That was what the Professor told them, the day they got back. When they tumbled from the wardrobe in a heap of tangled limbs, and found that the world had been torn from under their feet with all the kindness of a serpent.
They picked themselves off of the floorboards with smiles plastered on child faces, and sat with the Professor in his study drinking cup after cup of tea.
But the smiles were fake. The tea was like ash on their tongues. And when they went to bed that night, none of them could sleep in beds that were too foreign, in bodies that had not been their own for years. Instead they grouped into one room and sat on the floor and whispered, late into the night.
When morning came, Mrs. Macready discovered the four of them asleep in Peter and Edmund’s bedroom, tangled in a heap of pillows and blankets with their arms looped across one another. They woke a few moments after her entry and seemed confused, lost even, staring around the room with pale faces, eyes raking over each framed painting on the wall and across every bit of furniture as if it was foreign to them. “Come to breakfast,” Mrs. Macready said as she turned to go, but inside she wondered.
For the children’s faces had held the same sadness that she saw sometimes in the Professor’s. A yearning, a shock, a numbness, as if their very hearts had been ripped from their chests.
At breakfast Lucy sat huddled between her brothers, wrapped in a shawl that was much too big for her as she warmed her hands around a mug of hot chocolate. Edmund fidgeted in his seat and kept reaching up to his hair as if to feel for something that was no longer there. Susan pushed her food idly around on her plate with her fork and hummed a strange melody under her breath. And Peter folded his hands beneath his chin and stared at the wall with eyes that seemed much too old for his face.
It chilled Mrs. Macready to see their silence, their strangeness, when only yesterday they had been running all over the house, pounding through the halls, shouting and laughing in the bedrooms. It was as if something, something terrible and mysterious and lengthy, had occurred yesterday, but surely that could not be.

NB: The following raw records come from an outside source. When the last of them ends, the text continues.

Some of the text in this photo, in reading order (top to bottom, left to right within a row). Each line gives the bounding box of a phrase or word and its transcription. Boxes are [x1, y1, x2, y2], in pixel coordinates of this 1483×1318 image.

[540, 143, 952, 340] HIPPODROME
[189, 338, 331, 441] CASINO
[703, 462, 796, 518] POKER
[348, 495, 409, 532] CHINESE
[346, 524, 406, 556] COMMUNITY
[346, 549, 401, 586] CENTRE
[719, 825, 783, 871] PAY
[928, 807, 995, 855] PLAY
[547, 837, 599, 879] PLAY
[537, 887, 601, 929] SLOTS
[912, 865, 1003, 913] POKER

She remarked upon it to the Professor, but he only smiled sadly at her and shook his head. “They’ll be all right,” he said, but she wasn’t so sure.
They seemed so lost.
Lucy disappeared into one of the rooms later that day, a room that Mrs. Macready knew was bare save for an old wardrobe of the professor’s. She couldn’t imagine what the child would want to go in there for, but children were strange and perhaps she was just playing some game. When Lucy came out again a few minutes later, sobbing and stumbling back down the hall with her hair askew, Mrs. Macready tried to console her, but Lucy found no comfort in her arms. “It wasn’t there,” she kept saying, inconsolable, and wouldn’t stop crying until her siblings came and gathered her in their arms and said in soothing voices, “Perhaps we’ll go back someday, Lu.”
Go back where, Mrs. Macready wondered? She stepped into the room Lucy had been in later on in the evening and looked around, but there was nothing but dust and an empty space where coats used to hang in the wardrobe. The children must have taken them recently and forgotten to return them, not that it really mattered. They were so old and musty and the Professor had probably forgotten them long ago. But what could have made the child cry so? Try as she might, Mrs. Macready could find no answer, and she left the room dissatisfied and covered in dust.

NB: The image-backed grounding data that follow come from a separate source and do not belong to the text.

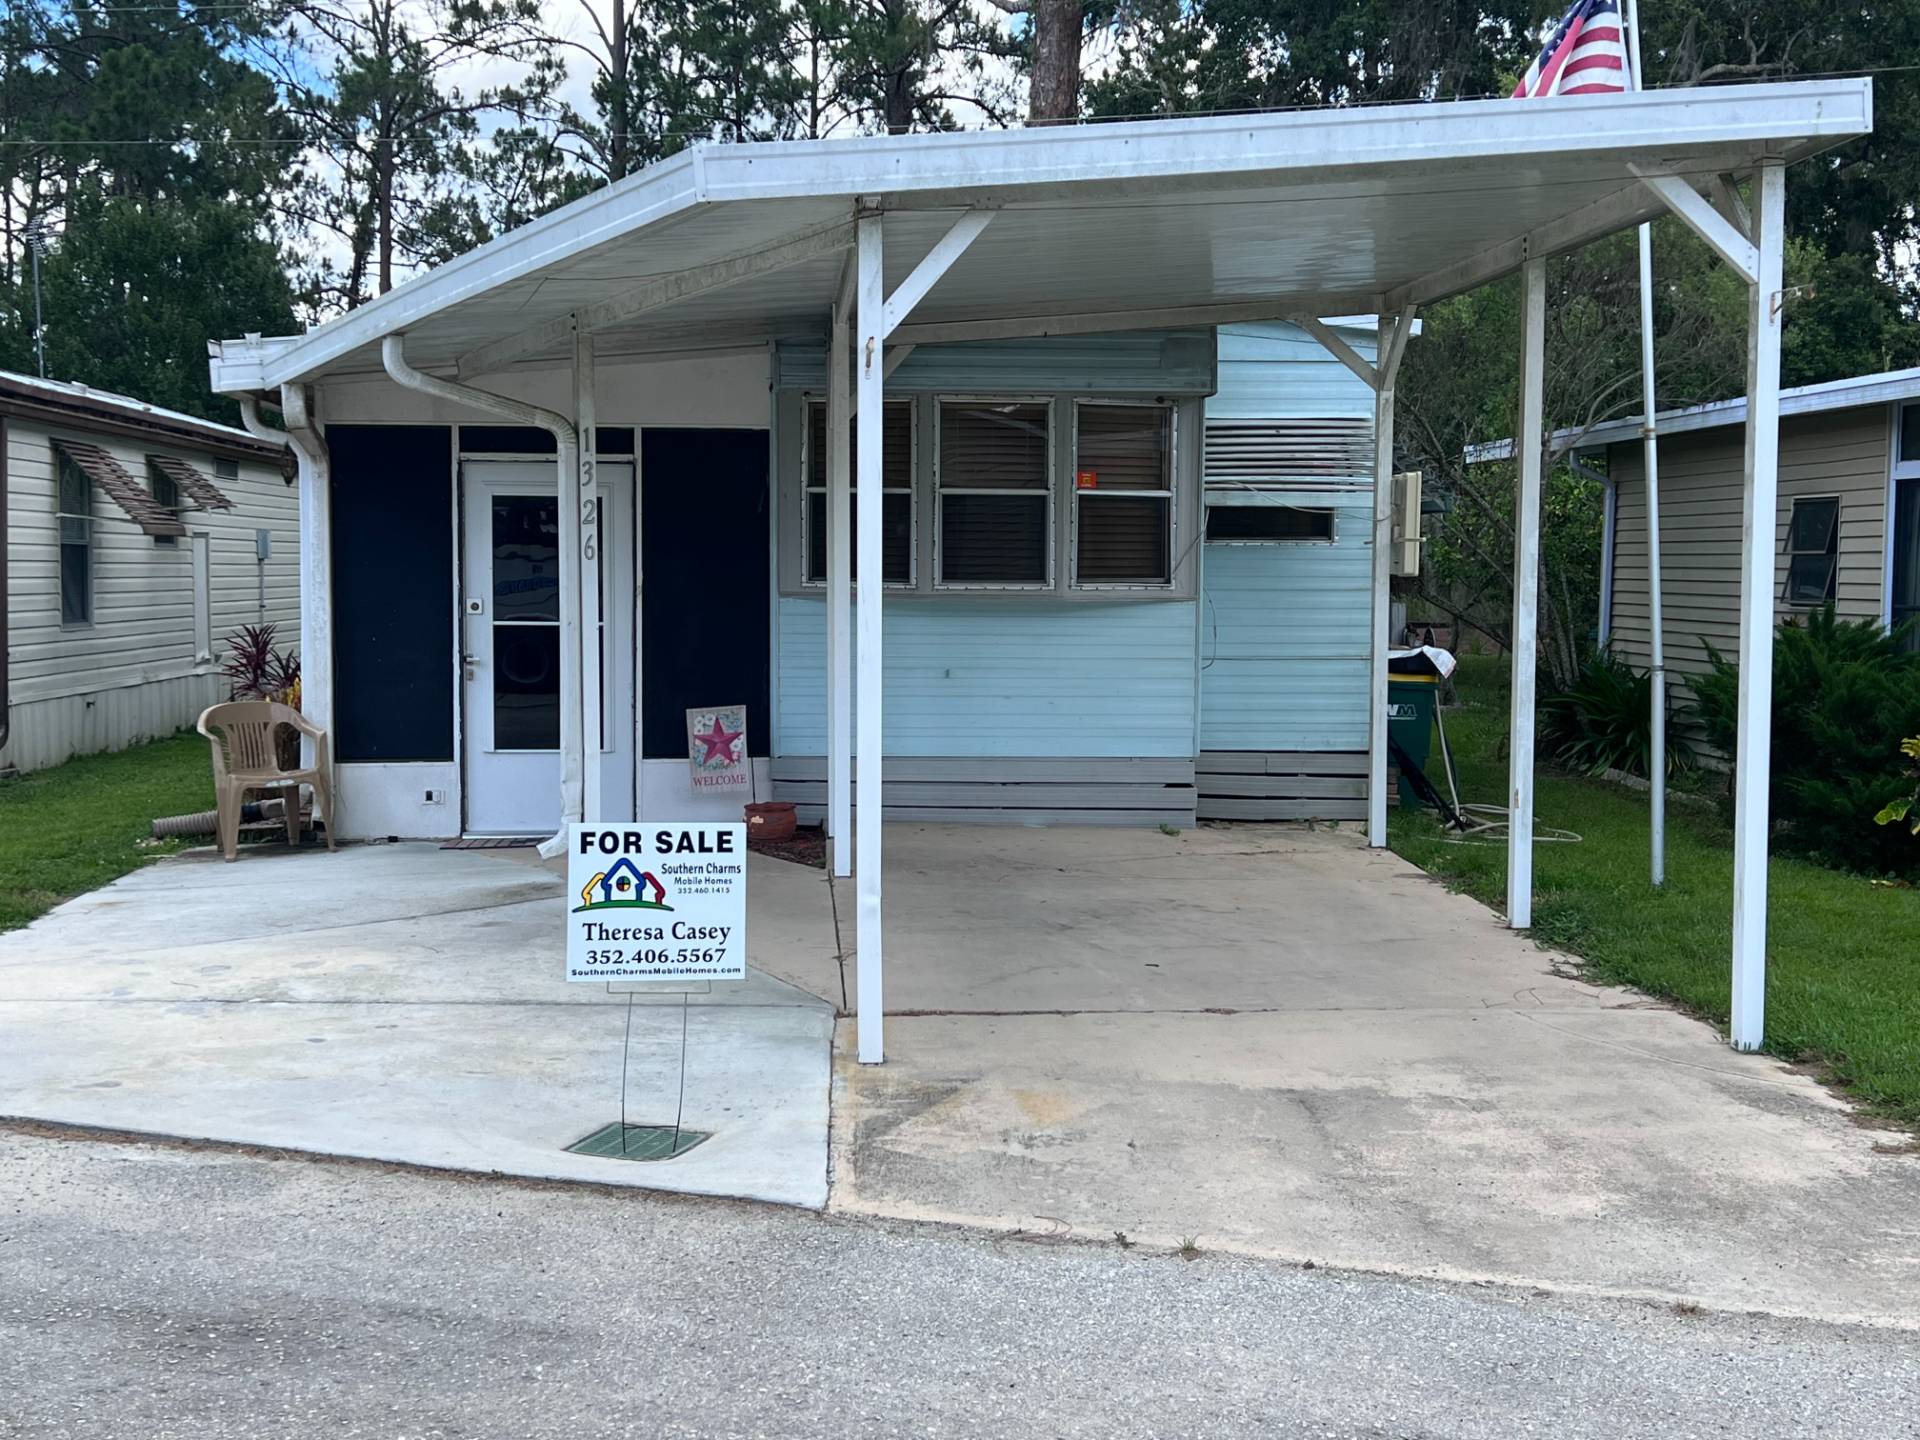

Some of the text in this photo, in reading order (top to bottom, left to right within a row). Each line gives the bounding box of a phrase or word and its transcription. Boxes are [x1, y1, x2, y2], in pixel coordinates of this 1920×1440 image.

[581, 427, 596, 560] 1326
[693, 774, 747, 787] WELCOME
[580, 830, 734, 854] FOR SALE
[661, 862, 741, 874] Southern Charms
[674, 876, 733, 885] Mobile Homes
[582, 921, 731, 945] Theresa Casey
[586, 948, 727, 964] 352.406.5567
[571, 966, 741, 976] SouthernCharmsMobileHomes.com

Lucy and Edmund and Peter and Susan took tea in the Professor’s room again that night, and the next, and the next, and the next. They slept in Peter and Edmund’s room, then Susan and Lucy’s, then Peter and Edmund’s again and so on, swapping every night till Mrs. Macready wondered how they could possibly get any sleep. The floor couldn’t be comfortable, but it was where she found them, morning after morning.
Each morning they looked sadder than before, and breakfast was silent. Each afternoon Lucy went into the room with the wardrobe, carrying a little lion figurine Edmund had carved her, and came out crying a little while later. And then one day she didn’t, and went wandering in the woods and fields around the Professor’s house instead. She came back with grassy fingers and a scratch on one cheek and a crown of flowers on her head, but she seemed content. Happy, even. Mrs. Macready heard her singing to herself in a language she’d never heard before as Lucy skipped past her in the hall, leaving flower petals on the floor in her wake. Mrs. Macready couldn’t bring herself to tell the child to pick them up, and instead just left them where they were.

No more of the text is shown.